Bah-bah-bah-bah-barber gal

Call me a sexist, misogynist, or – hell – even an opponent of the #MeToo campaign, but getting a cranial trim from a female barber was, for me, a big deal.

Having been born and bred in a small town, where there was only one male, Italian barber – ([insert cliched name here], who leased a unit adorned with draughtboard-style flooring and in which pictures of nudey women on out-of-date calendars decorated the walls) – my brain is conditioned to men getting their hair cut by men (as sensual and non-masculine as that may be).
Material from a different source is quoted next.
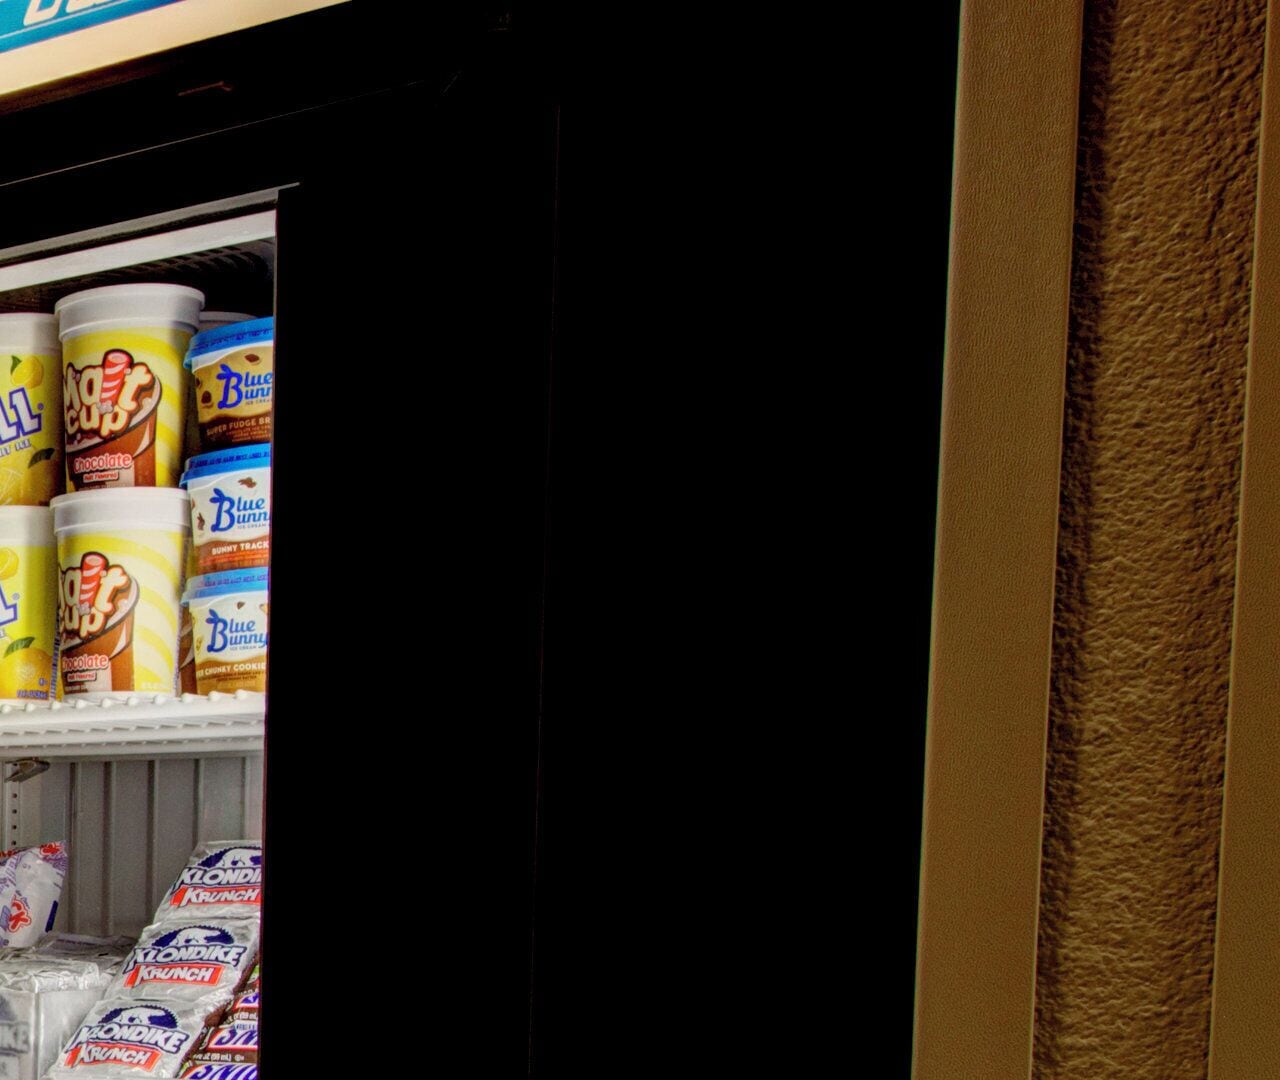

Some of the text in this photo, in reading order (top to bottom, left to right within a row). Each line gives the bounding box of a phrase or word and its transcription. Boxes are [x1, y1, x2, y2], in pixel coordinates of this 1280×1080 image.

Since re-locating to Cardiff, I have unsuccessfully searched for a hair lopper to replace my Roman amigo. So, when I came across Sophia’s – aptly and razor precision-named – cutting shop, ‘The Barber Room‘, in Womanby Street’s The Castle Emporium, I thought to myself, “she might be the one” (in a strictly barbering sense, that is).

8 months (and several barbers) later, I finally plucked up the courage to plonk my diminutive gluetei maximi on Sophia’s leather chair; being the only customer in her singularly-seated premises meant that she could not be distracted in the way that [let’s call him Luigi for shits and giggles] was when his ex-wife poked her head into his barbershop to enquire about tardy maintenance payments.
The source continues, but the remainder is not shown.